FROM SCRATCH

Daily fresh bread from scratch is part of
France’s cultural hallmark

Patience. Flexibility. Understanding. Melatonin. This is what I have discovered will get me through a time of compounded uncertainty circled in quiet anxiety. Our current instability means no car, no home, no school and no schedule of any sort.  Add France’s famed bureaucratic process of getting a bank account, permanent residence status, and other necessities to build our new lives, our family is caught in a holding pen of waiting. This is where patience is needed to go along with the rhythm of accomplishing the very things your family needs to get on with it, in France. 

Now add Covid in the mix and a national semi-lockdown, checking things off your to-do list gets even more interesting. Want to buy a car? Sure, it can still happen but don’t expect a test drive and getting the full treatment from the salesperson. Buy your car by email and phone. Yeah, right. So we wait. 

As recent arrivals to a foreign land, we decided to rent first. We now have begun the search for an abode to start our new lives as expats. Between the advice of the few local folks we know, the fact that we prefer a village outside the metropolitan area of Montpellier and informed with the knowledge of the limitations of square footage, actually square meters all over Europe, we started the search to settle in by internet. 

With the aid of our local relocation specialist hired by my husband’s employer, Randy and I are hunting for our “perfect” French home. There is limited inventory and our quest is proving to be quite more challenging than originally thought. This where the virtue of flexibility kicks in. So much for our idea of a small French cottage, we are now looking for anything with walls, doors and some decent footage in the right quartier. I will have to learn to deal with only having one bathroom for four people. Adapt to 100 sq meters (roughly 1000 sq. ft) of living area. Learn how to park our future car in the most compact of spaces without incident. And my personal tribulation, go without the fluffy warmness, fresh from a heated vented dryer moment I loved from my American appliance. 

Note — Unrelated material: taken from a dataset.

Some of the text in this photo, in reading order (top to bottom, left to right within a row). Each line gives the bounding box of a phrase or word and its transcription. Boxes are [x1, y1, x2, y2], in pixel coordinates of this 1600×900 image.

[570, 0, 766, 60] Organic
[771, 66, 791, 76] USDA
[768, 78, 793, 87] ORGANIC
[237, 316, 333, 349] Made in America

This search for a habitat will also need to follow France’s guideline for Covid during lockdown. Basically meaning that we will be unable to personally visit potential homes. Viewing a rental would only come in the form of a video tour and possibly, the allowed site visit from Andy, our relocation contact to give us feedback. With time on our hands, Randy and I have tracked down the homes we are interested in through clues provided by photos on the site. We pin down the general area from the map, study the pictures for identifiable traits and go on a mission to scout the place for its exact location. So far, the results have been more disappointing than not, but I am learning that flexibility is key. Just got to go with an open mind. Au revoir colorful French cottage.

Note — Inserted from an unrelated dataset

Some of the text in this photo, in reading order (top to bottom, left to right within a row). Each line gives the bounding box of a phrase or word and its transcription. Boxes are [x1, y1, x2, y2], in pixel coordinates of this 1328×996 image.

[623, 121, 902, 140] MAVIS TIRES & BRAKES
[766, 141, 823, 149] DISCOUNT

So for now, we wait in our 450 sq. ft. AirBnB. Wait for our goods to arrive from the container ship. Wait to find a place to live and to send our possessions to. Wait to enroll our children in school. 

This is where understanding comes in. Children everywhere are experiencing an odd time in their lives all over the world. The pandemic has brought upon a hurdle of circumstances that are delicate, worrisome and exhausting. Our sons have been transplanted across the Atlantic to a foreign country with a foreign language with no place for them to land. Their social connections are now at a greater distance and daily schedules are at a standstill.

Family togetherness in France

As we have no choice to casually stand by to get our lives in order in France, our sons are alongside with us doing things that they find awfully uneventful. Despite the numerous sessions of DuoLingo they are doing to help them prepare them for assimilation into a French school, hopefully before the Christmas holidays, they too are going through their own emotions about this whole experience. It is only the four of us, all the time. 

It is difficult for me to say if relocating to France with Covid while the country is in lockdown is going to make us closer as a family. I will say that we are physically close all the time. Plus we are the only ones that can speak to one another in elongated sentences. So we are a tight knit family right now, doing our best to be kind to one another. 

And the melatonin? Sleep is necessary if I am starting from scratch, de zéro to be the patient, flexible and understanding wife, mother and global citizen while building a new life in La France. I am only human.